Stored entries:
------------------------------------------------------------

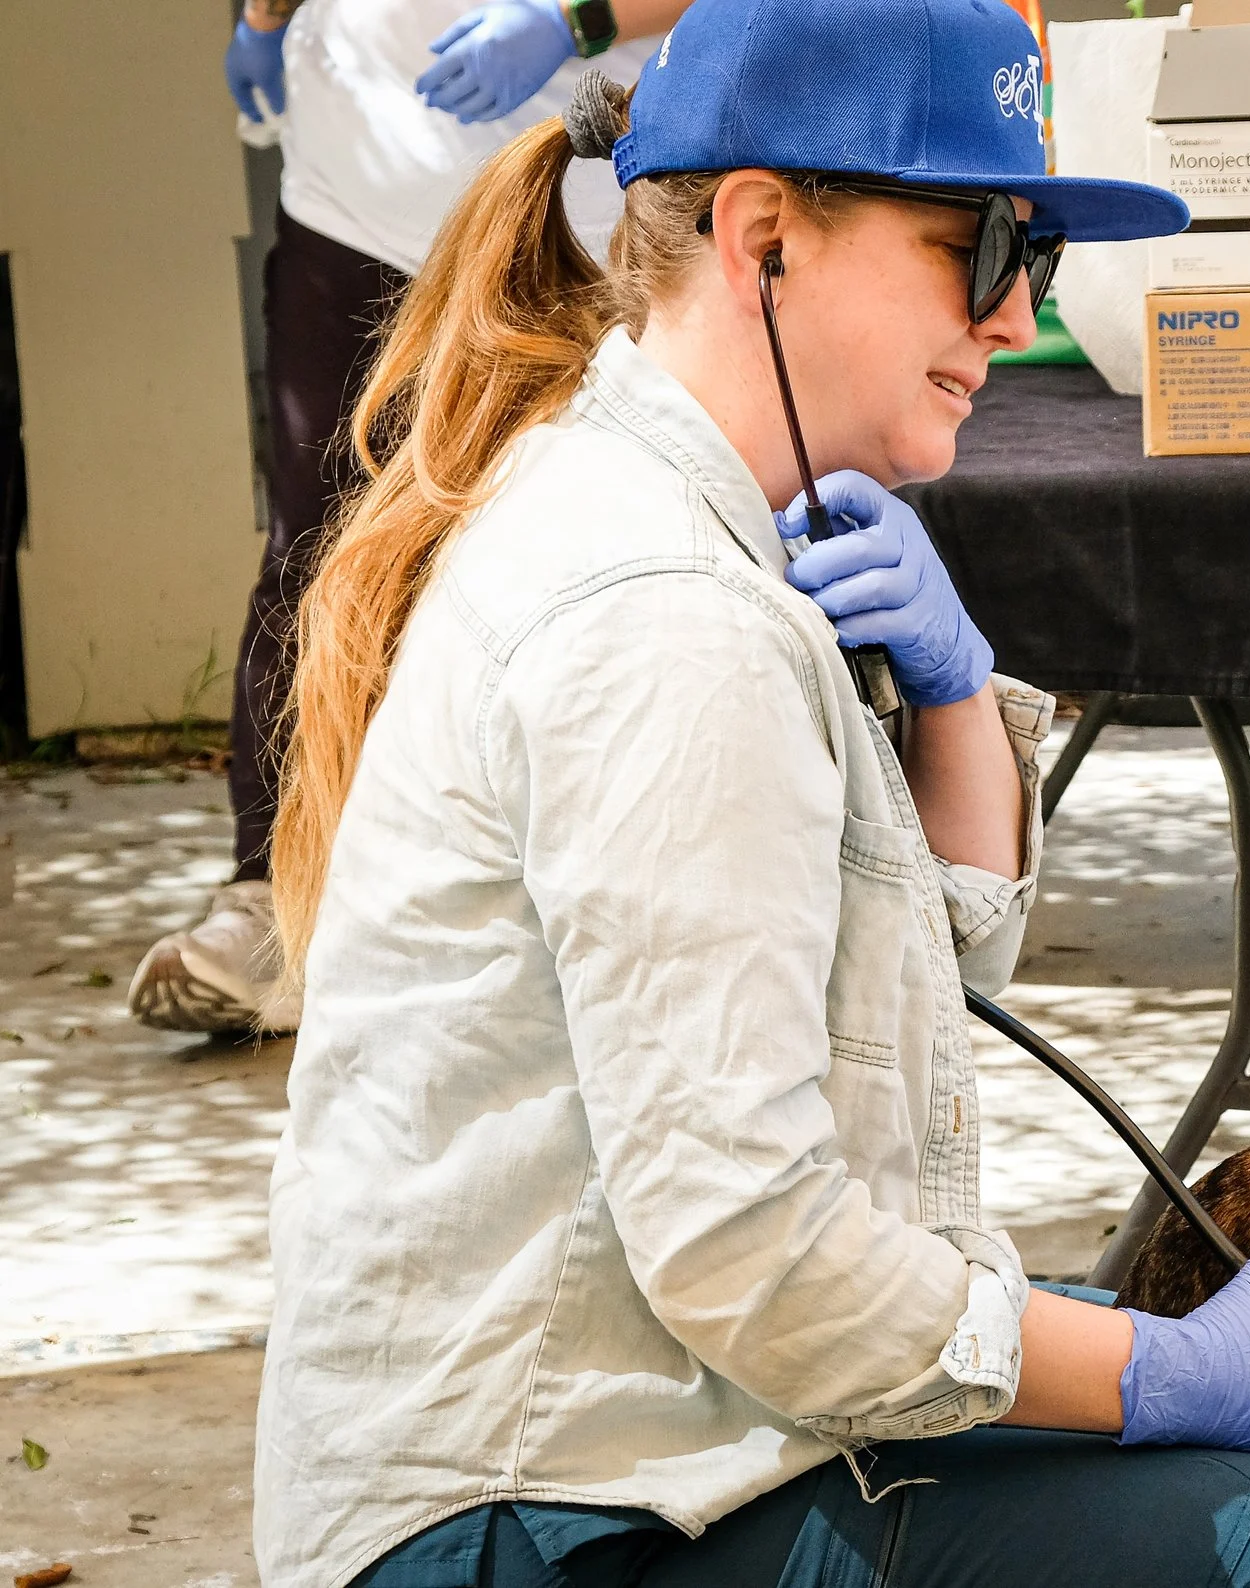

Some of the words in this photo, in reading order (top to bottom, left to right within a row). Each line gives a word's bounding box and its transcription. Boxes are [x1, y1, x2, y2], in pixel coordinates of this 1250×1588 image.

[1180, 178, 1194, 186] mL
[1198, 176, 1242, 186] SYRINGE
[1158, 310, 1240, 331] NIPRO
[1158, 335, 1216, 347] SYRINGE
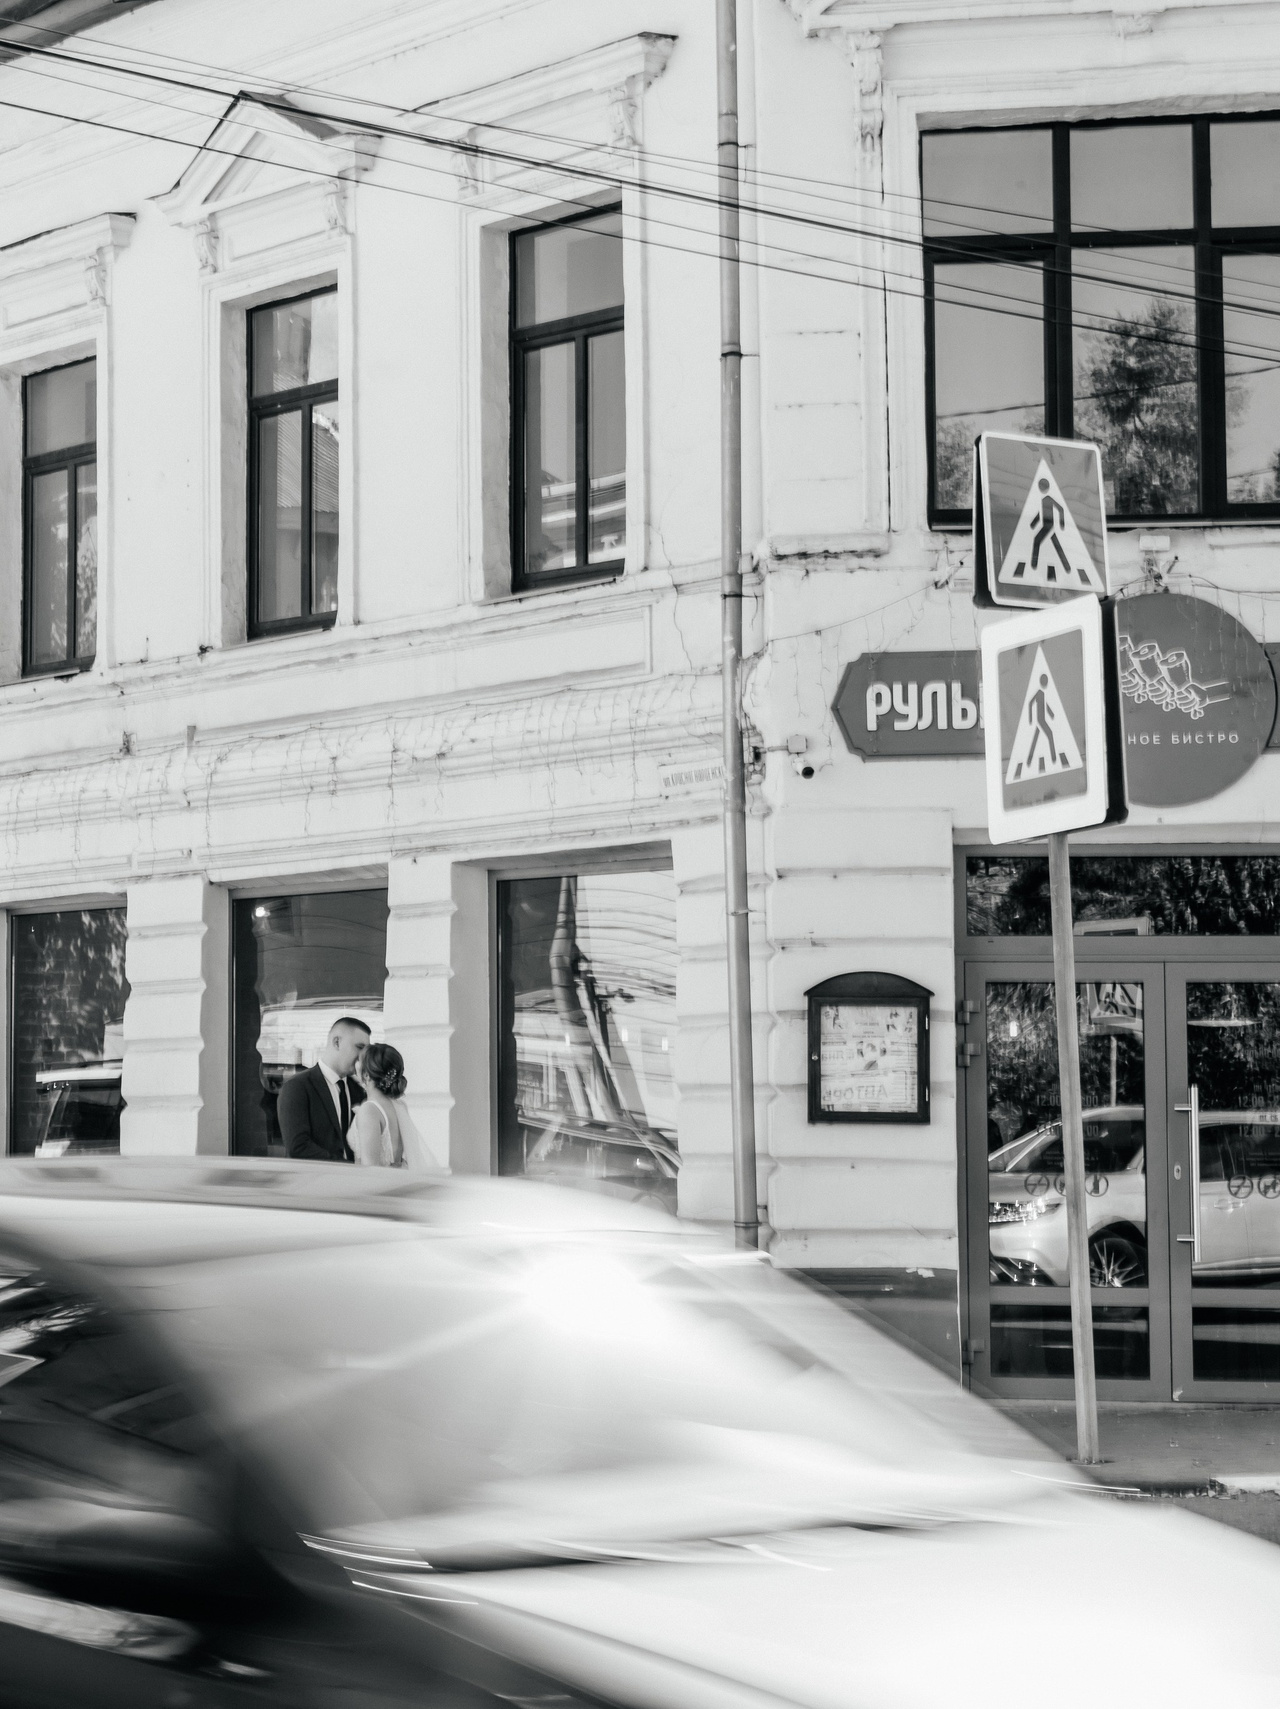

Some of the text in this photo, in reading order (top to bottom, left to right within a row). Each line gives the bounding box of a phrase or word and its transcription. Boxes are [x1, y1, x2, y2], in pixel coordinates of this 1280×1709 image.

[866, 680, 984, 731] РУЛЬ
[1127, 730, 1239, 745] НОЕ БИСТРО

------------------------------------------------------------

- _DIRECTIONS_
Where a record holds a picture, leave the picture out and restate the rest word for word.

- _ANSWER BOX_
Some of the words in this photo, in reading order (top to bottom, left to right within a row). Each line gives a word's bounding box and its transcription. Boxes are [x1, y1, x2, y2], in pixel coordinates of this 1250×1588 image.

[1180, 178, 1194, 186] mL
[1198, 176, 1242, 186] SYRINGE
[1158, 310, 1240, 331] NIPRO
[1158, 335, 1216, 347] SYRINGE

Some of the text in this photo, in reading order (top to bottom, left to right within a row). Each line gives the bounding box of a phrase or word and its transcription. Boxes are [x1, y1, x2, y2], in pixel coordinates of this 1280×1709 image.

[866, 680, 984, 731] РУЛЬ
[1127, 730, 1239, 745] НОЕ БИСТРО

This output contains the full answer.